:: Exercise requirements ::
All of the data below must be reproduced word for word, but without its images.
---------- Materials provided
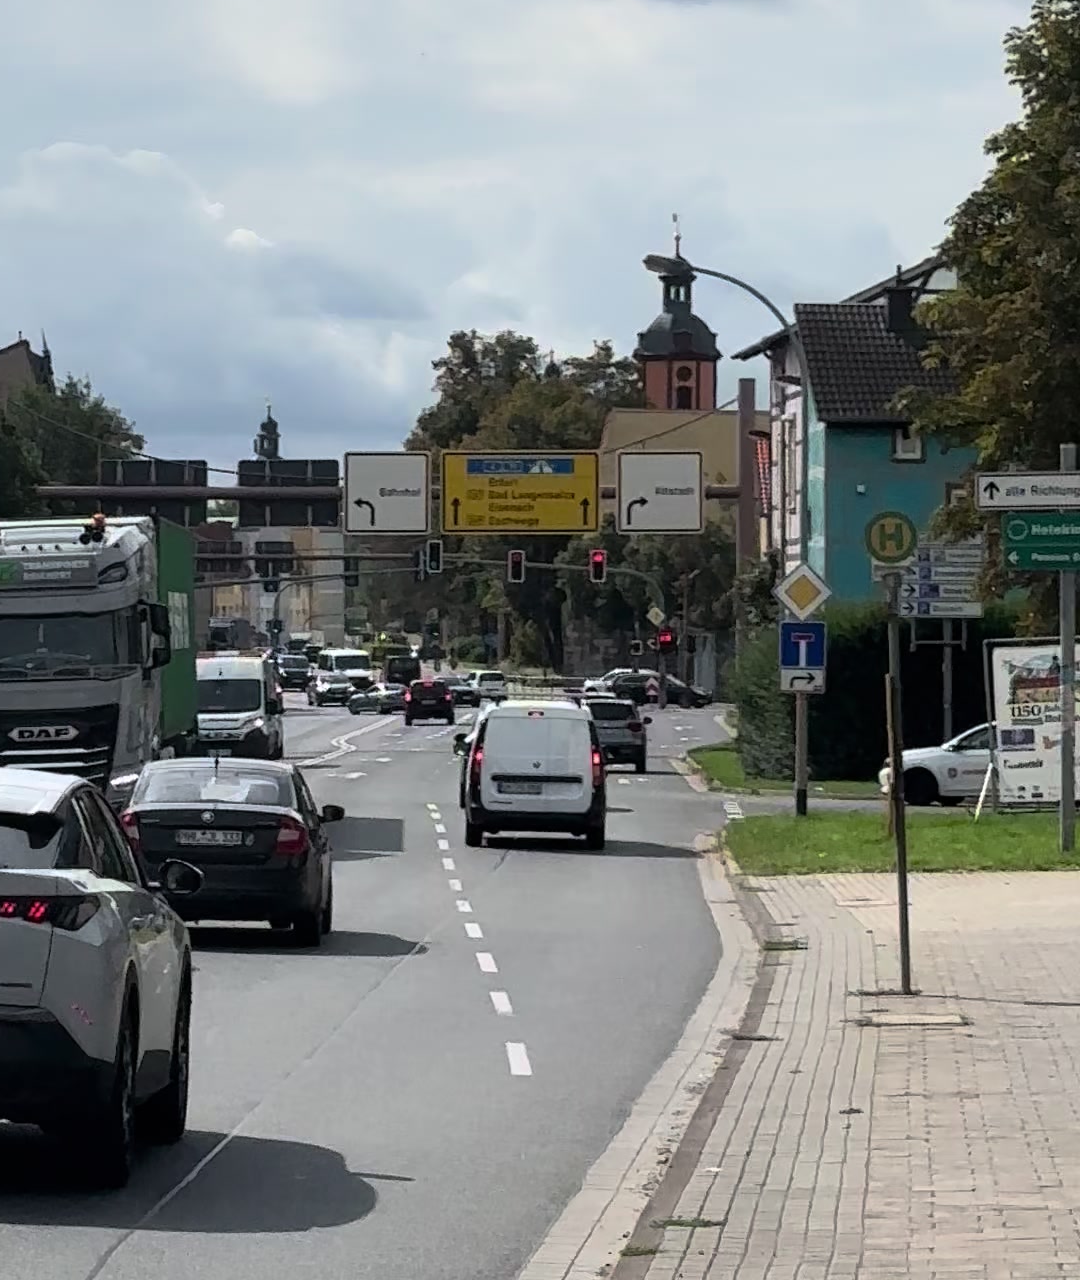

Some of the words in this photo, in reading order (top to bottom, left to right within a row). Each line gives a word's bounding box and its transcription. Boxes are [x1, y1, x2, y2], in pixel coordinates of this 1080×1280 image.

[1030, 485, 1080, 498] Richtung
[878, 523, 904, 553] H
[18, 728, 70, 739] DAF
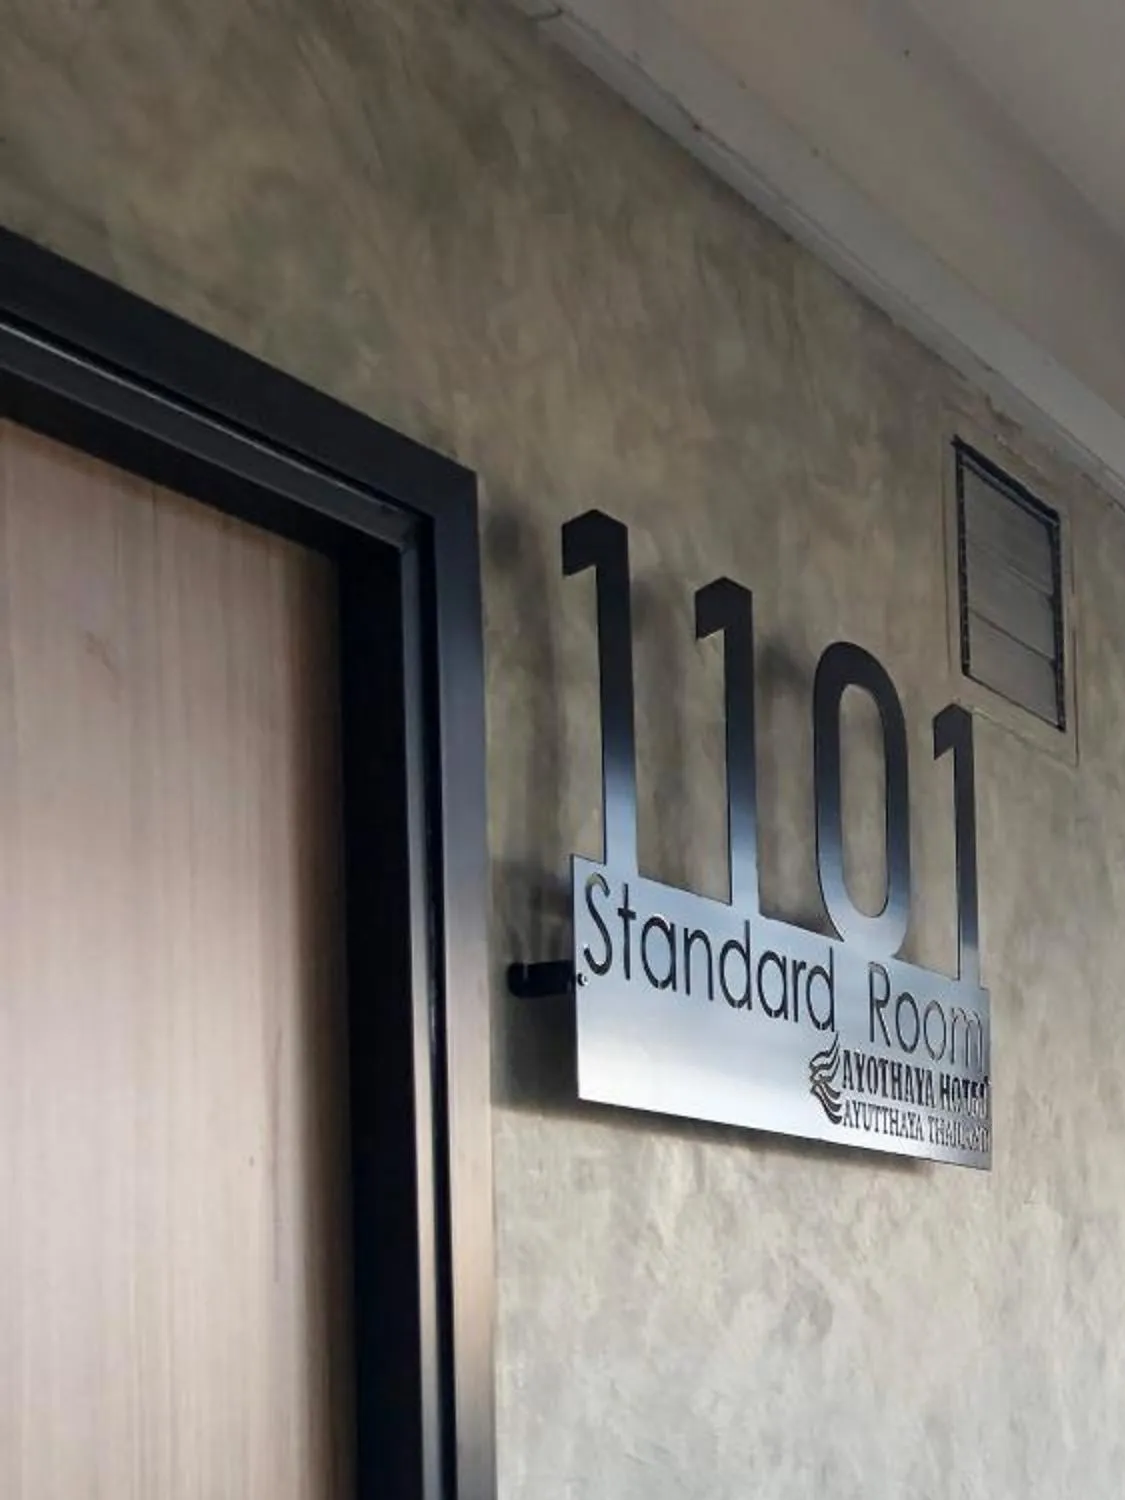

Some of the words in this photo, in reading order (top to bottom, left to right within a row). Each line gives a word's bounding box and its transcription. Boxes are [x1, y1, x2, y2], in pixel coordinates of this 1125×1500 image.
--------------------
:: Exercise result ::
Some of the words in this photo, in reading order (top to bottom, left to right within a row). Each line gives a word's bounding box and its transcription. Boxes are [x1, y1, x2, y2], in pixel coordinates of this 1080×1280 image.

[1030, 485, 1080, 498] Richtung
[878, 523, 904, 553] H
[18, 728, 70, 739] DAF

Some of the words in this photo, in reading order (top to bottom, left to right within a row). Each line gives a word's bounding box and its transcription. Boxes are [x1, y1, x2, y2], in pixel coordinates of this 1125×1500 image.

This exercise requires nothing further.